After the long boat journey from Siem Reap I headed into town to grab a quick inexpensive bite to eat so I could retreat back to my room at ever-so-friendly Hak’s Guesthouse. On the walk in I was approached by a Spanish lady who asked if I would eat with her as it was her 40th birthday and she was alone. Too polite to say no we grabbed some noodles from a restaurant, much too westernised for my liking but it filled a hole.
The next day I hired a push bike and road around town. It was incredibly hot and I had the unfortunate luck of my bike lock falling out of my basket onto the road with a Tuk Tuk running over it smashing it to smithereens. When I tried to explain to the owner what had happened she said I’d have to pay $3 for a new lock. I asked if I could buy the $1 lock she was selling in her shop but she said I had to buy the $3 one so I said I’d buy my own at the local market where I knew I could get it cheaper.
Lock in hand I headed to Aussie-run cafe Sister Srey which is an ethical cafe helping street children and orphans. Although a little disappointed with the food I returned the next day as I liked the staff and atmosphere and it’s obvious that Aussie-style food in Central Cambodia isn’t going to taste as good as it does in Australia.
That evening I cycled to the legendary Angkor Wat to watch the sunset which was great but sunrise is a million times better. I kept my bike for the second day and left the guesthouse at 4:30am to catch sunrise over Angkor Wat which was truly spectacular. The temples of Angkor are about 8km out of town and I had planned to cycle the grand circuit which is roughly 50km in total. Come 10am I was pretty exhausted and to be honest, I was getting a little bored of temples but I wanted to stay the whole day to make the most of my one day pass.
Even at 10am I was sweltering (it’s pretty hard cycling in 36c heat on a Boris-style bike) so I decided to take it easy and just do the small circuit. I knew I’d be done by midday so I took a much-needed break from the temples and cycled in search of food. The food on offer around Angkor comes at an extortionate price due to it being a tourist area so I cycled down a narrow path and off the beaten track. Thankfully I come across a local village and pointed at whatever the lady was serving and received a tasty breakfast of spicy noodles with pork for just 75c.
The stall owners husband came and sat down with me to practice his English, fairly good in fact, and asked if I would go to his house with him. Stupidly I said yes and jumped on the back of his motorbike. I instantly regretted my decision as headlines of kidnap and murder flashed before my eyes but I arrived safe at his house where his young daughter and dogs were waiting.
He told me a bit about his life, like the fact that in Cambodia children go to school from 7-11am and 1-5pm six days a week with many leaving before the age of 15 to work with their parents. The longer we spoke the harder it was to understand so I hopped back on his bike and he kindly dropped my back to mine. What an experience.
My cycle back to civilization was a little longer than hoped after getting lost for an hour on the path to nowhere and nearly keeling over in the midday heat, but I made it and rewarded myself with an ice cold bag of sugar juice, another favourite of mine.
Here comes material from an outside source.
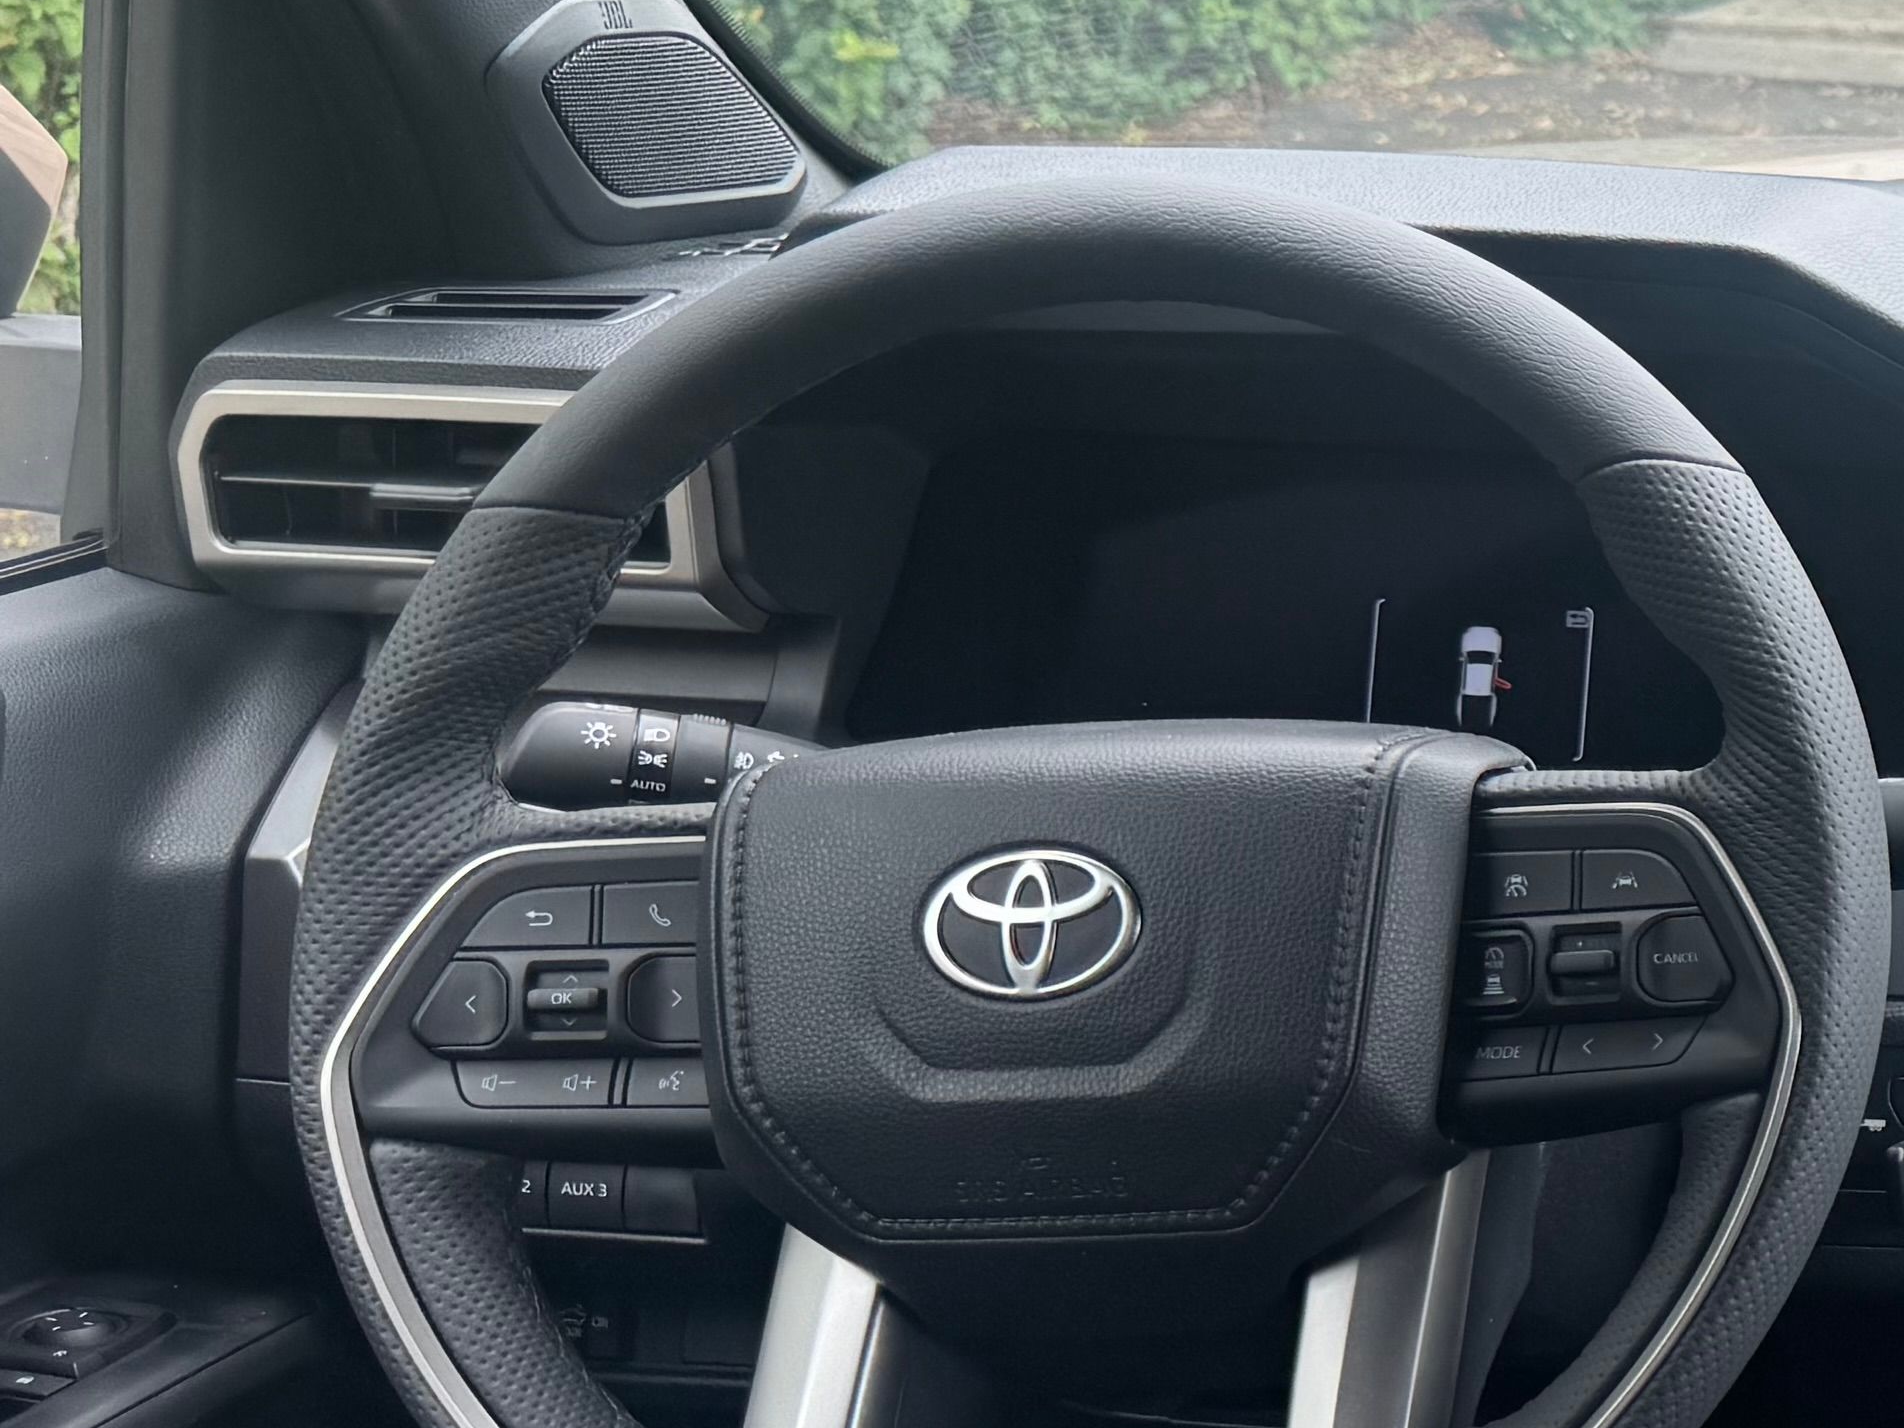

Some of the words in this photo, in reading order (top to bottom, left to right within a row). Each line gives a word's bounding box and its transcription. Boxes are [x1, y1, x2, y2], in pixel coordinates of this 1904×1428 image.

By 1pm I had covered most of the temples I wanted to see including Bayon and my favourite Angkor Thom which is seen in the movie Tomb Raider. Hot and exhausted, I sat under a tree for a couple of hours to try and keep cool and catch up with my new book about the Khmer Rouge called “First they killed my father”- a must read if visiting Cambodia.
After waiting what seemed like my entire life, the sun set over Phnom Bakheng which would have been stunning if the bloody thing hadn’t gone behind a cloud! Exhausted, I cycled back into town desperate for a cold shower and a lie down. I returned to find that the power had gone off due to a problem in Bangkok, which is where the majority of Cambodia get their power from so most of the country was out.
No light, no food, no cold drink. I was livid but I saw that a small street restaurant for University students up the road had a small generator. I sat down amongst the noisy students and ordered the ridiculously cheap meatball soup and a side of spring rolls. What I actually got was pig organ soup, which I obviosuly picked out after trying and also realised that the deliciously crunchy peanut spring rolls actually contained small shell fish not peanuts – yeuch. The younger boy students found me eating highly amusing and chuckled to themselves next to me. I didn’t mind one bit, I must have looked a little out of place.
After a good nights sleep I decided I wanted some company so checked myself in to the Mad Monkey Hostel after staying there in Phnom Penh. As I walked in to my dorm’ Jez greeted me with “welcome to the party room” and I noticed “gang bang” written in lipstick on the mirror. I knew it was going to be a good night. Dusk till dawn was spent dancing on the famous pub street fully westernised to cater for tourists but with an undeniable atmosphere.
After three days of drinking, chilling by the pool and eating only western food (burger and chips for breakfast is a new found fave) I knew it was time to move on so I booked a night bus to Phnom Penh with Aussie Lucy who was part of the big group I had been hanging out with. I was excited to return to the capital.